- Grove
- Coordinates: 42°59′40″S 147°06′45″E﻿ / ﻿42.9944°S 147.1124°E
- Country: Australia
- State: Tasmania
- Region: South-east
- LGA: Huon Valley;
- Location: 10 km (6.2 mi) NE of Huonville;

Government
- • State electorate: Franklin;
- • Federal division: Franklin;
- Elevation: 65 m (213 ft)

Population
- • Total: 533 (SAL 2021)
- Postcode: 7109
- Mean max temp: 17.7 °C (63.9 °F)
- Mean min temp: 5.8 °C (42.4 °F)
- Annual rainfall: 735.5 mm (28.96 in)
Localities around Grove
| Crabtree | Mountain River | Mountain River |
| Crabtree, Lucaston | Grove | Lower Longley |
| Huonville | Huonville | Pelverata |

= Grove, Tasmania =

Locality in Tasmania, Australia

Grove is a rural locality in the local government area (LGA) of Huon Valley in the South-east region of Tasmania, Australia. The locality is 35 km southwest of Hobart and 7 km north-east of the town of Huonville. As a rural locality, there are no urban settlements in Grove. The 2016 census does not provide a population for the locality of Grove.
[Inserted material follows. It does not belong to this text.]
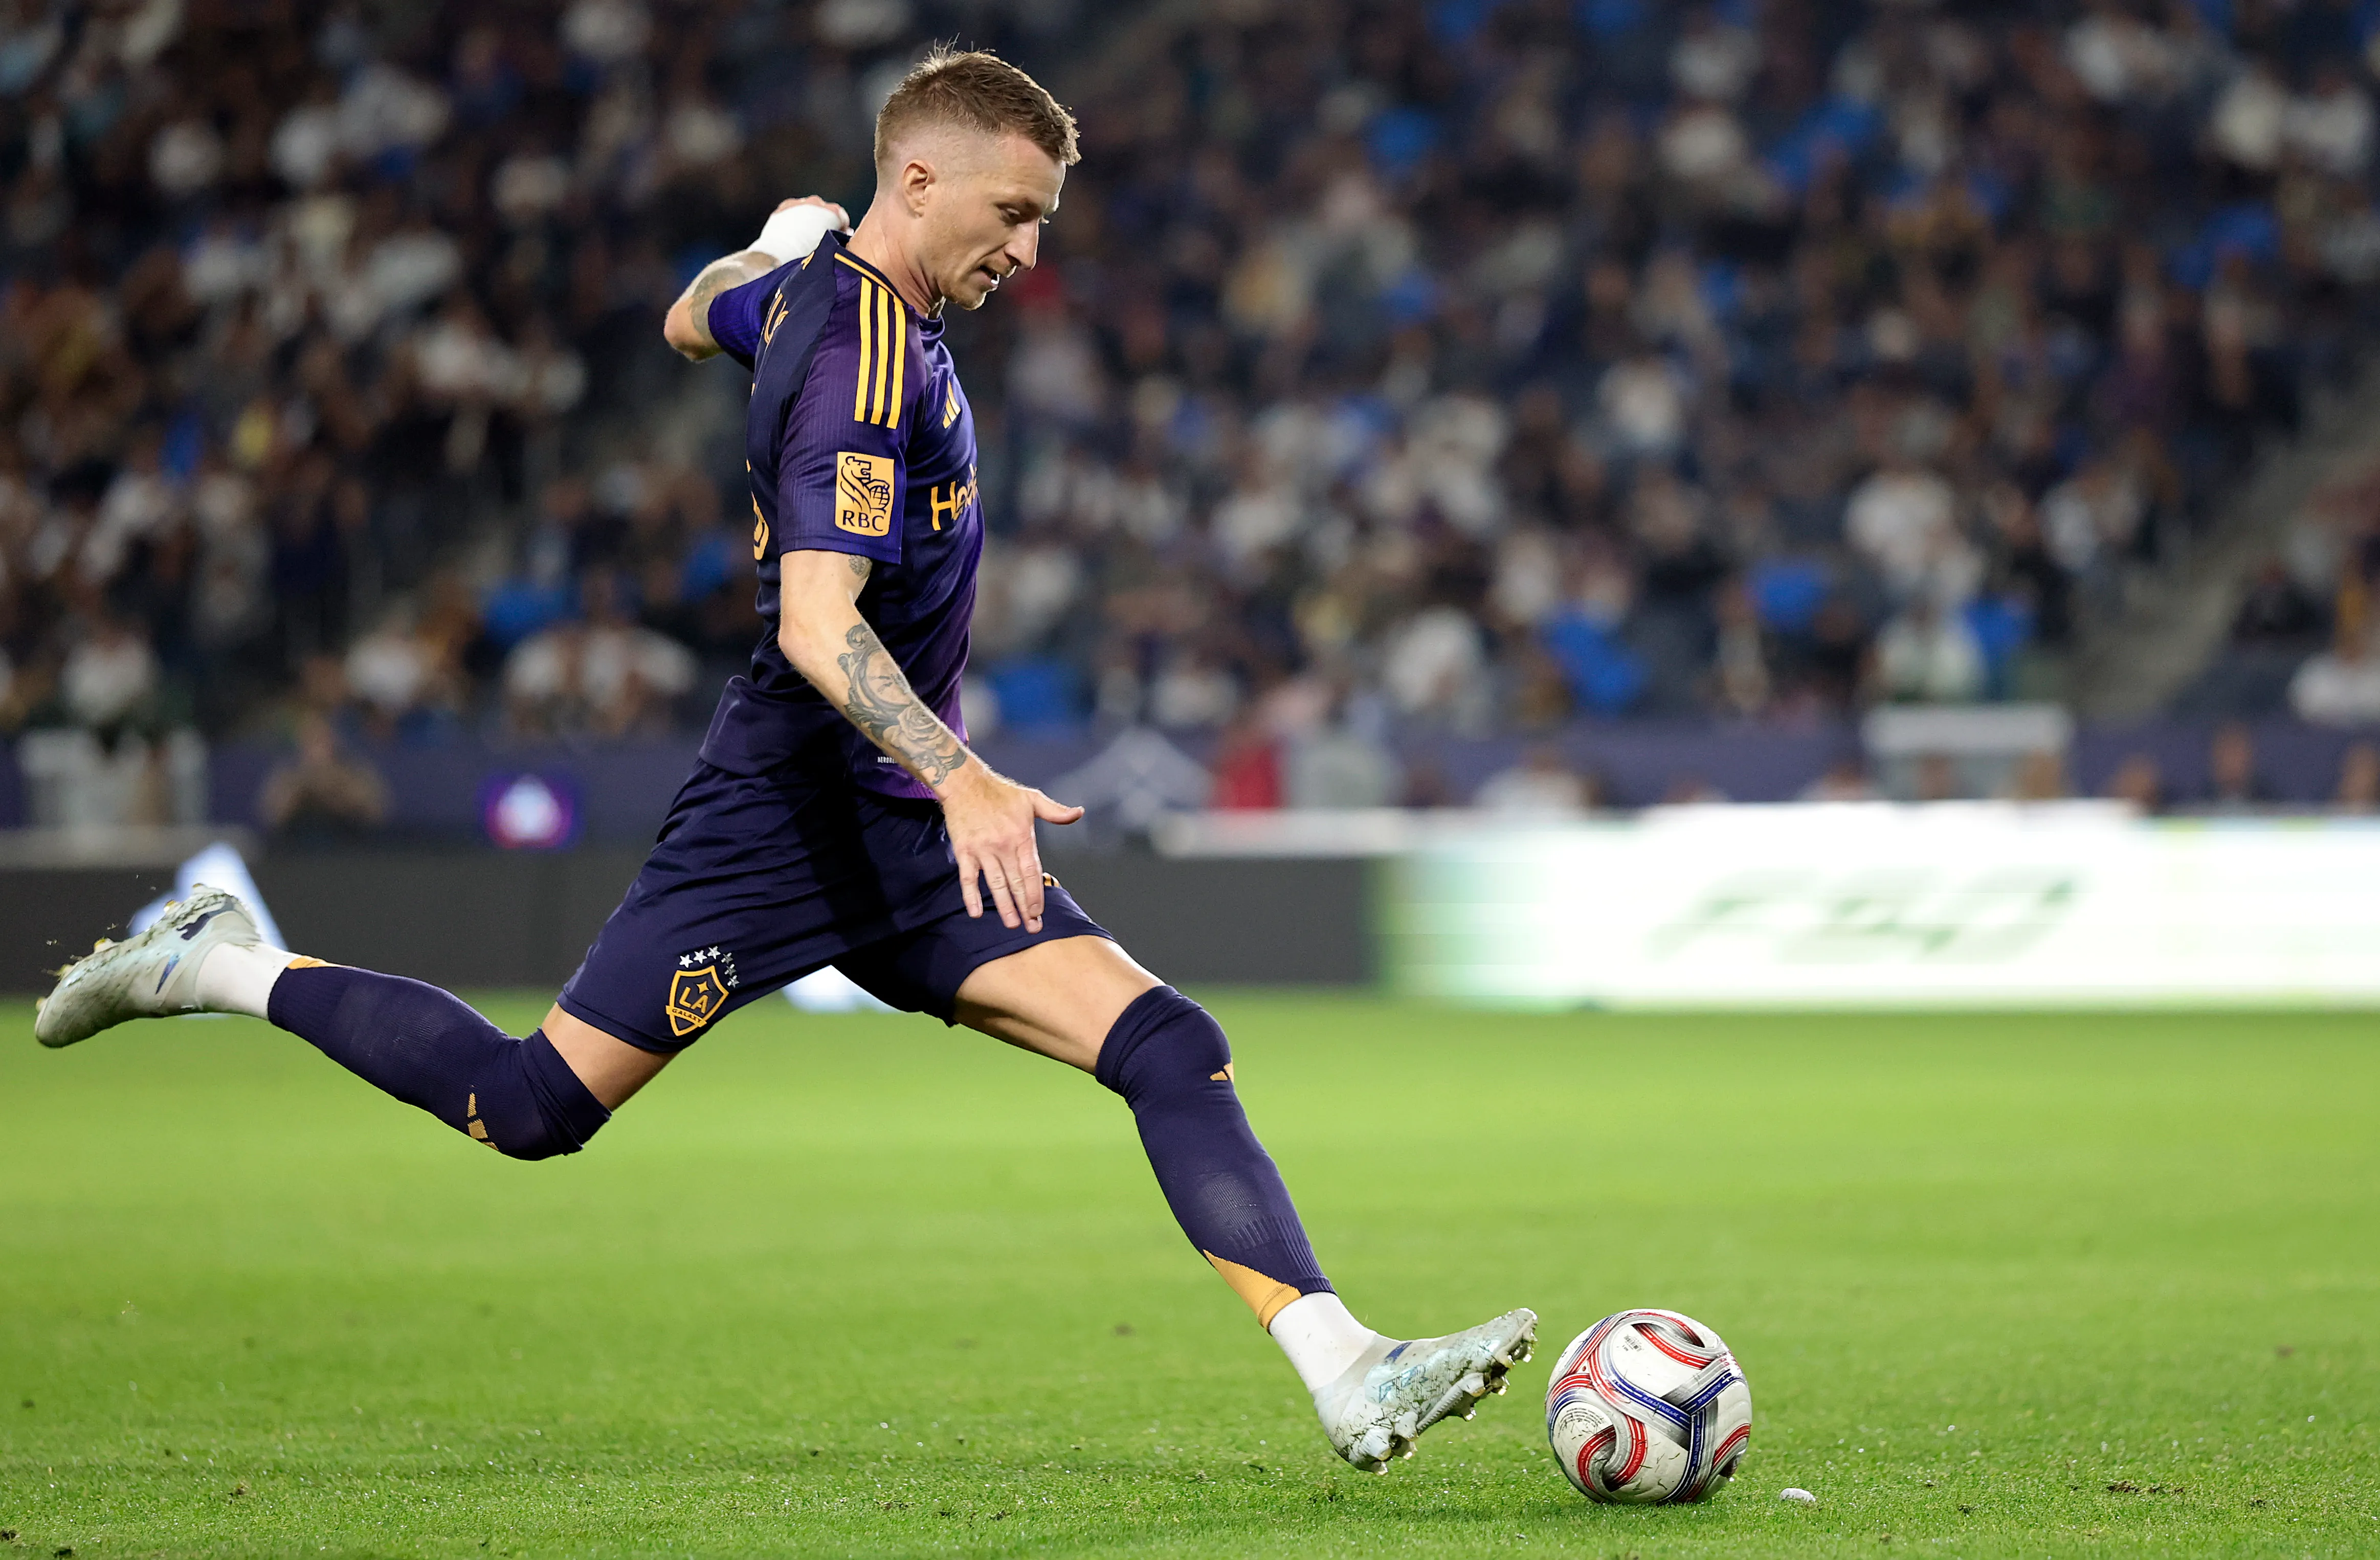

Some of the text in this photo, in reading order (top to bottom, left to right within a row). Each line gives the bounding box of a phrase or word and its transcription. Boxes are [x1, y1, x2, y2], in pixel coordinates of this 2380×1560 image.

It covers an area of approximately 30.8 km^{2}. The postcode for Grove is 7109.

The localities which adjoin Grove are Collinsvale, Crabtree, Mountain River, Lachlan, Longley, Lower Longley and Lucaston.

==History==
The first non-Aboriginal occupation of Grove was the farm property Grove Estate, by Silas Parsons in 1839.
Grove was gazetted as a locality in 1970.

==Geography==
Mountain River, a tributary of the Huon River, flows from north-east to south-west through the northern part of Grove, and then forms much of its western boundary. Most of the part of Grove southeast of the Huon Highway (12.7 km^{2}) is hilly and remains forested, whereas most of the part northwest of the Huon Highway (18.1 km^{2}) is undulating and cleared for agriculture - chiefly grazing and orchards. Huonville is the nearest service centre for Grove, which contains few facilities or services.

=== Climate ===
Grove experiences an oceanic climate (Köppen: Cfb) with very mild, drier summers and relatively cool, wetter winters. On average, the town only has 32.7 clear days whilst having 133.5 cloudy days per annum. The wettest recorded day was 23 April 1960 with 154.7 mm of rainfall. Extreme temperatures ranged from 40.9 C on 4 January 2013 to -7.5 C on 24 June 1972.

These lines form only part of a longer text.